His original interest was how societies become authoritarian and totalitarian. His creativity is evident from his ability to find connections between disparate fields, like evolutionary biology and religion. His book, Twelve Rules for Life, contains practical advice, supported by deep insights about human nature. (My favorite: “Don't compare yourself with other people; compare yourself with who you were yesterday”.) Before the pandemic, Peterson lectured to packed audiences, eager to hear an original perspective on psychology, philosophy and, sometimes, politics. And he was one of the first intellectuals to publicly call out the concepts behind the ideology that will not name itself, more specifically, the framework that sees society exclusively through the lens of power hierarchies, in which social categories exist for the purpose of oppression.
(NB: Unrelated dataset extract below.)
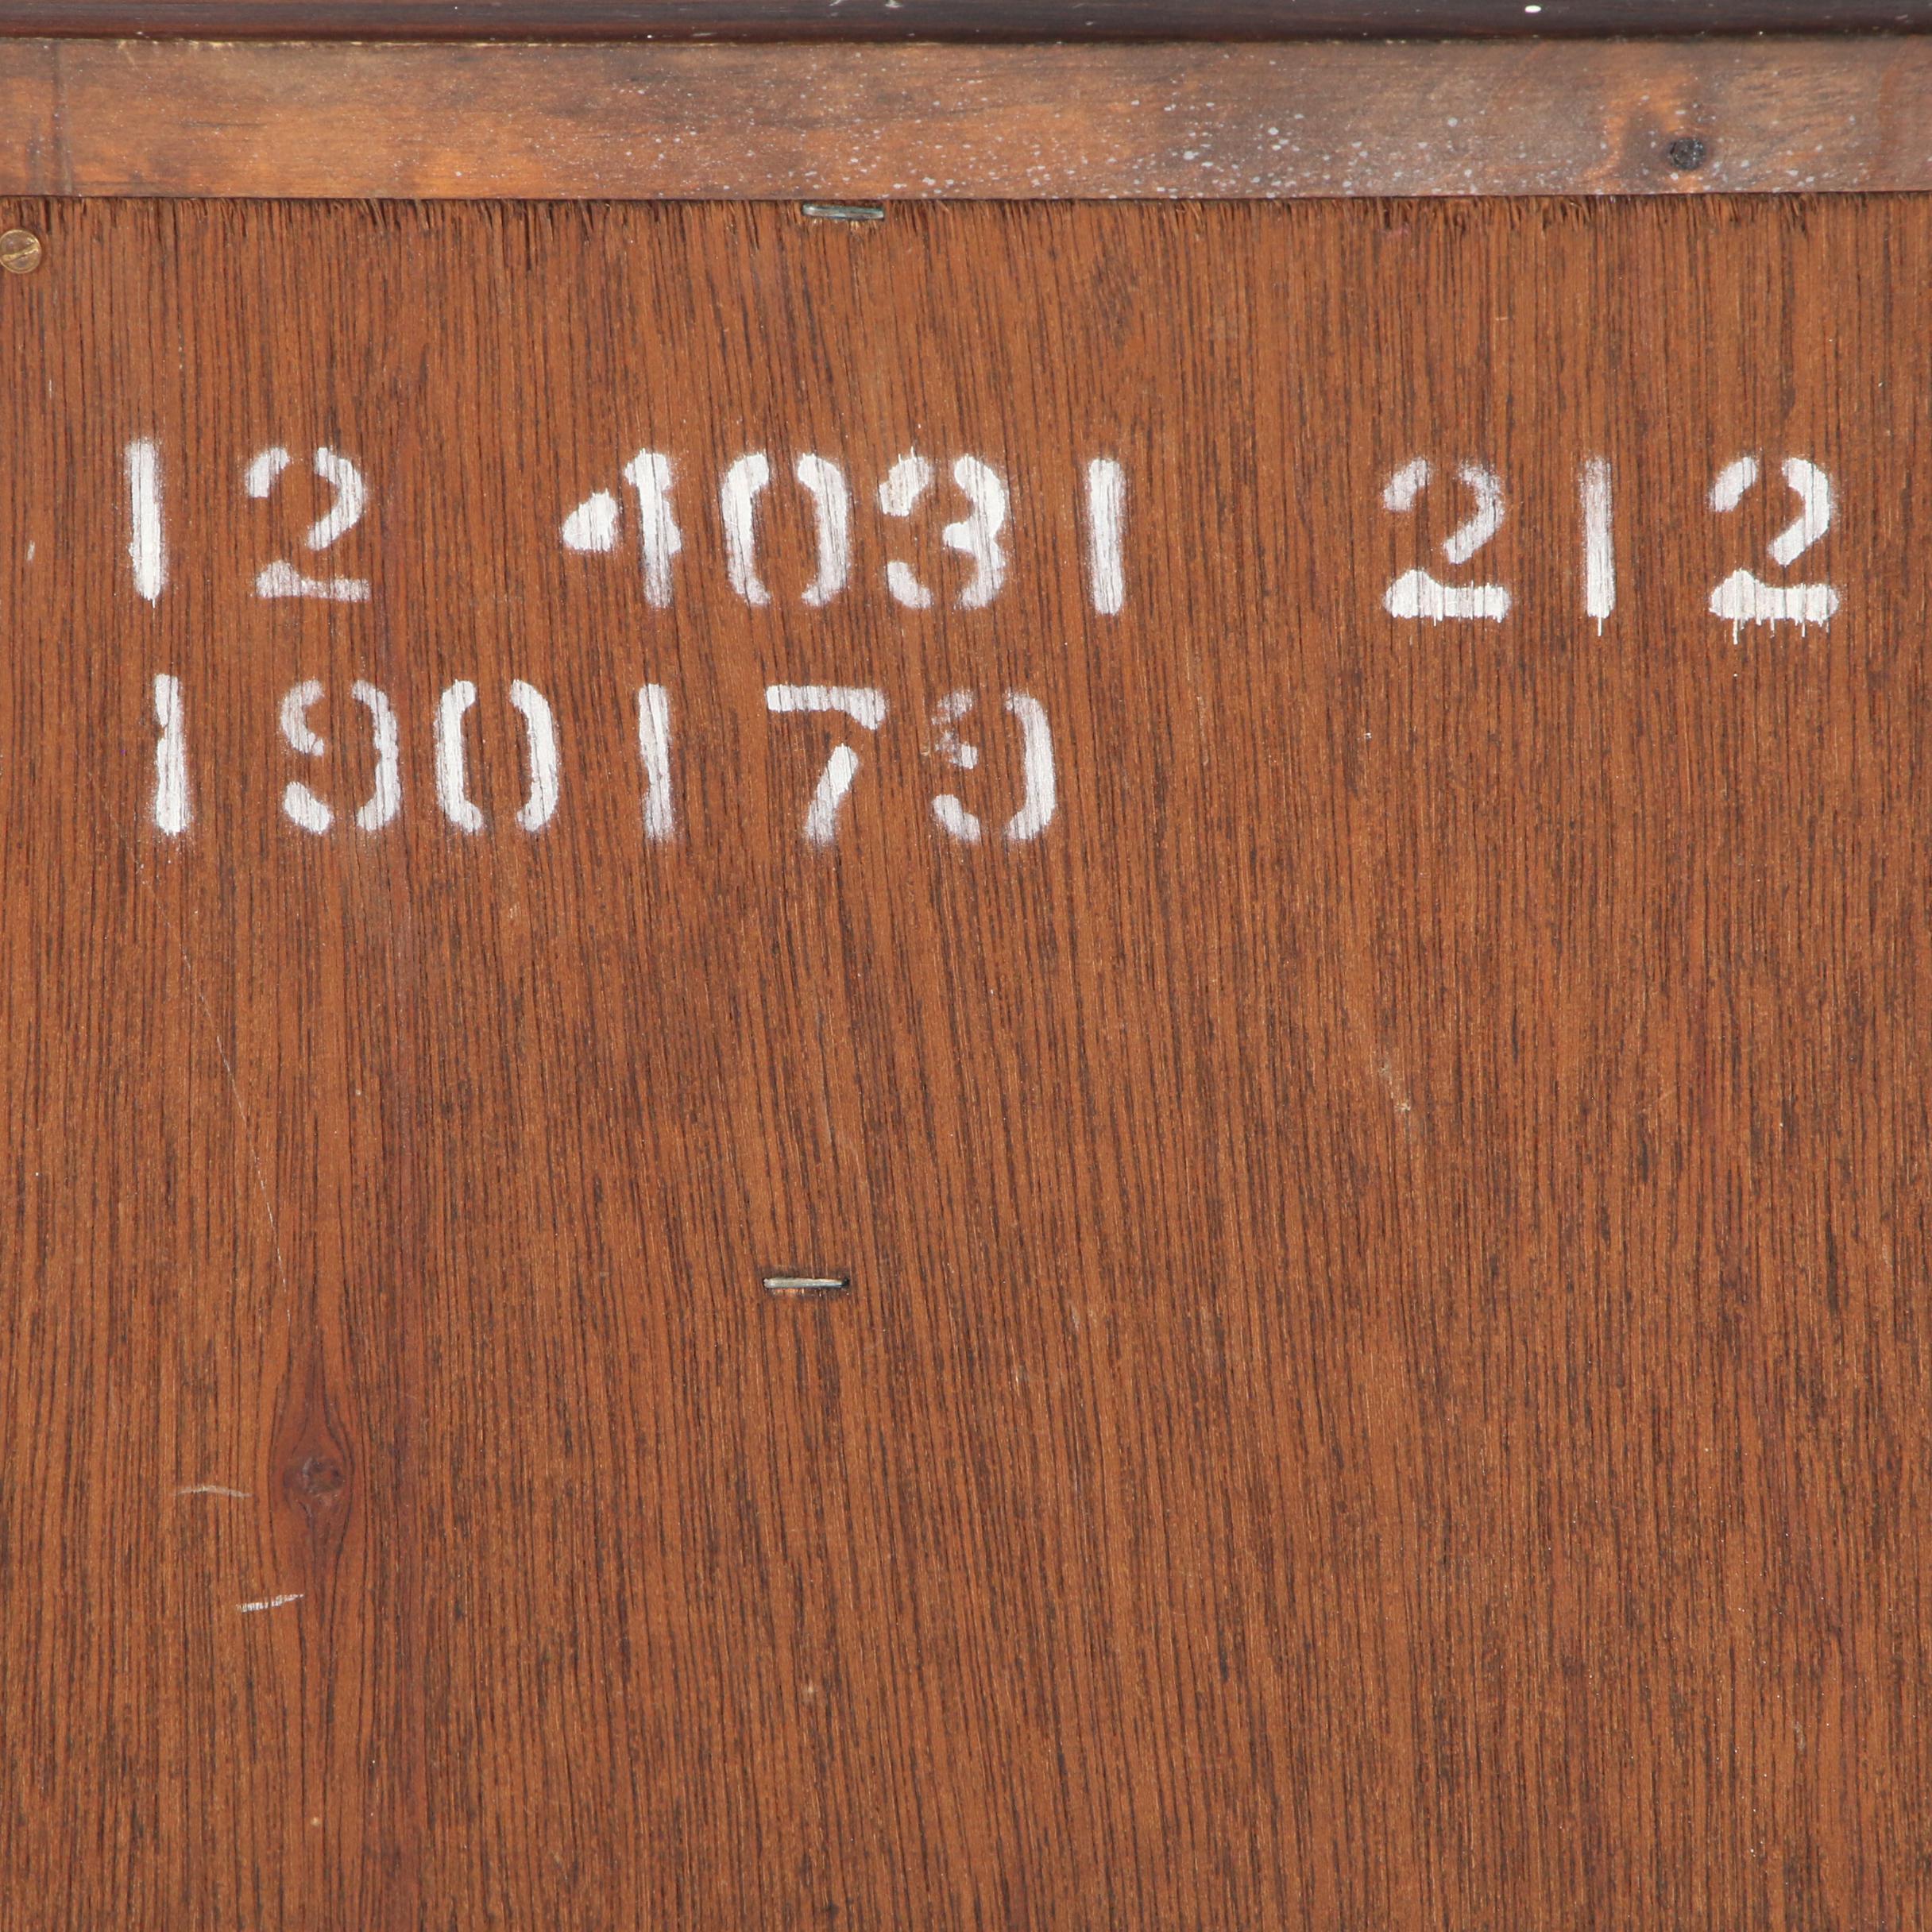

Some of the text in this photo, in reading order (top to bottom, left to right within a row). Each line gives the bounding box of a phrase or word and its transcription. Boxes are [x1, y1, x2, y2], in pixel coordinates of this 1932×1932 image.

[124, 436, 1841, 642] 12 4031 212
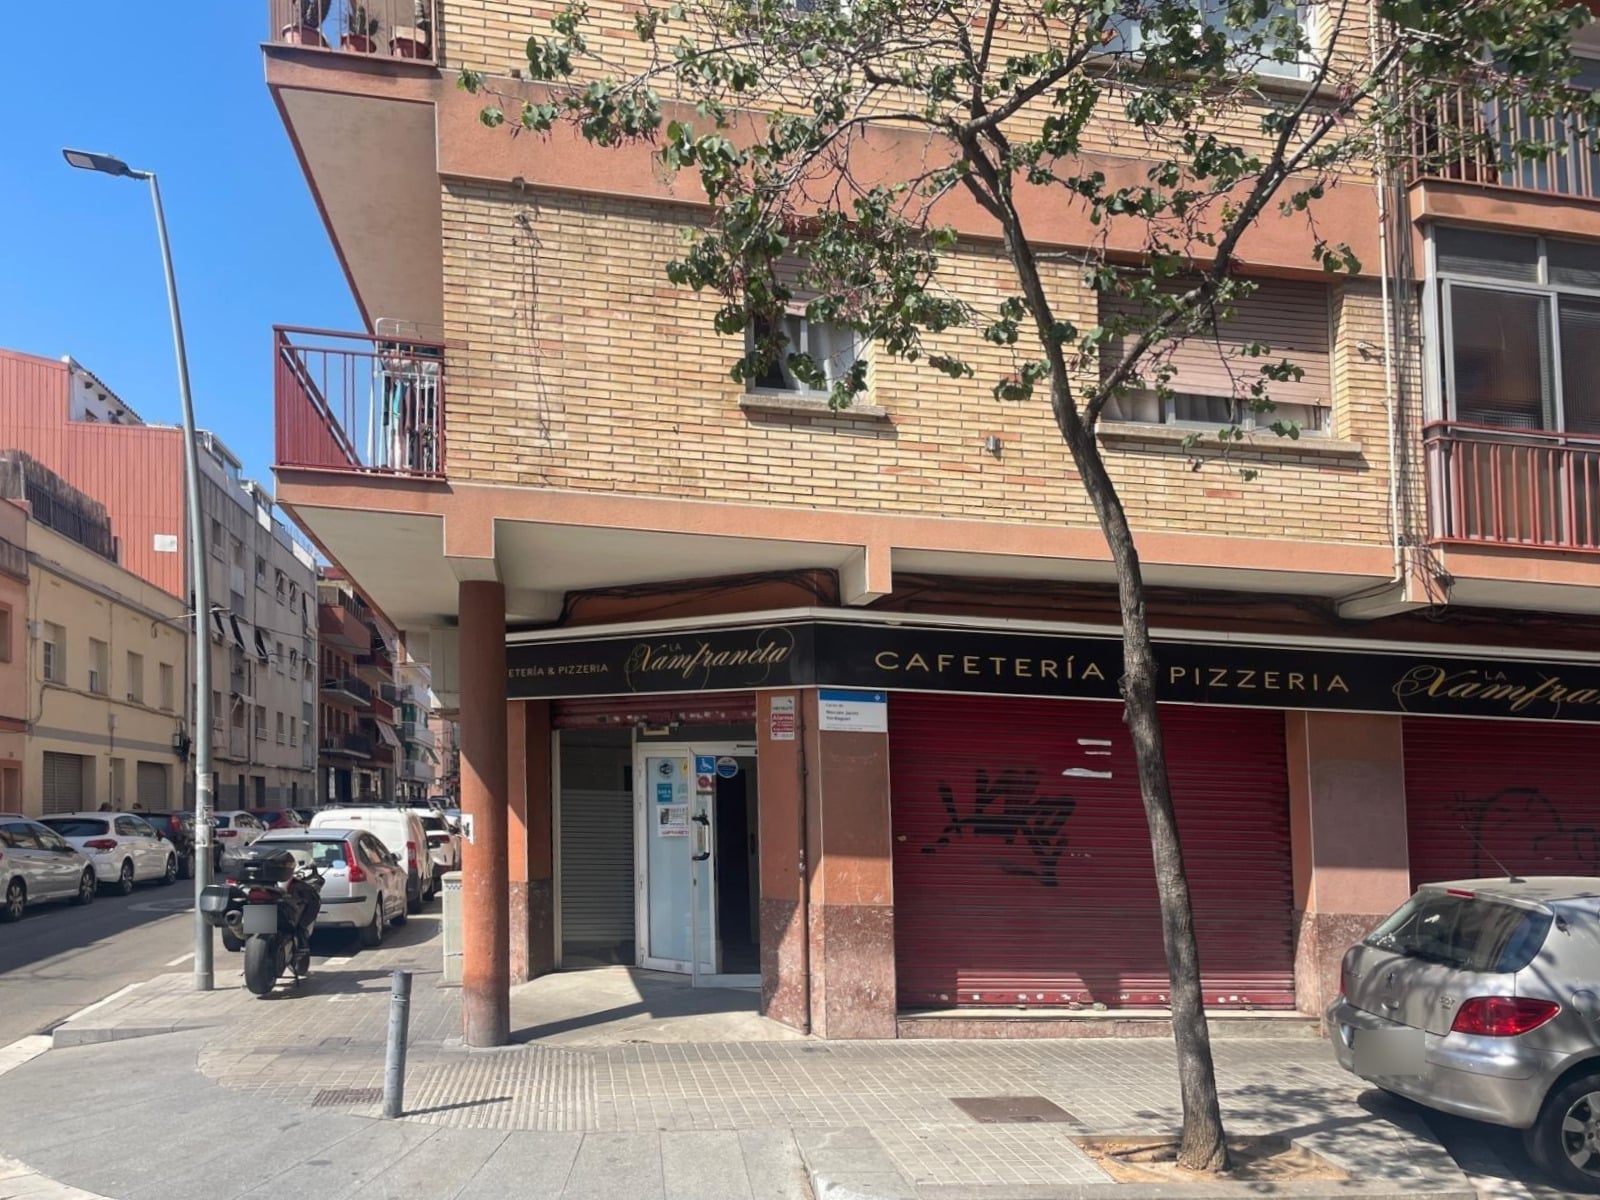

But in the past few years, Peterson lost his way. He certainly made some missteps. Perhaps it was the stress of always being in the public eye (a situation he not only accepted, but sought). Perhaps the incessant criticism to which he was subjected took its toll. Perhaps it was the cognitive dissonance of telling people to be responsible for their own lives, while being hooked on benzodiazepines.

In any case, he emerged from this trial embittered and diminished. He seems to have decided that he had to choose a side, and it was going to be the Right. It’s a real shame, because the Left previously had to take his ideas seriously. Now he’s given them a justification to dismiss him.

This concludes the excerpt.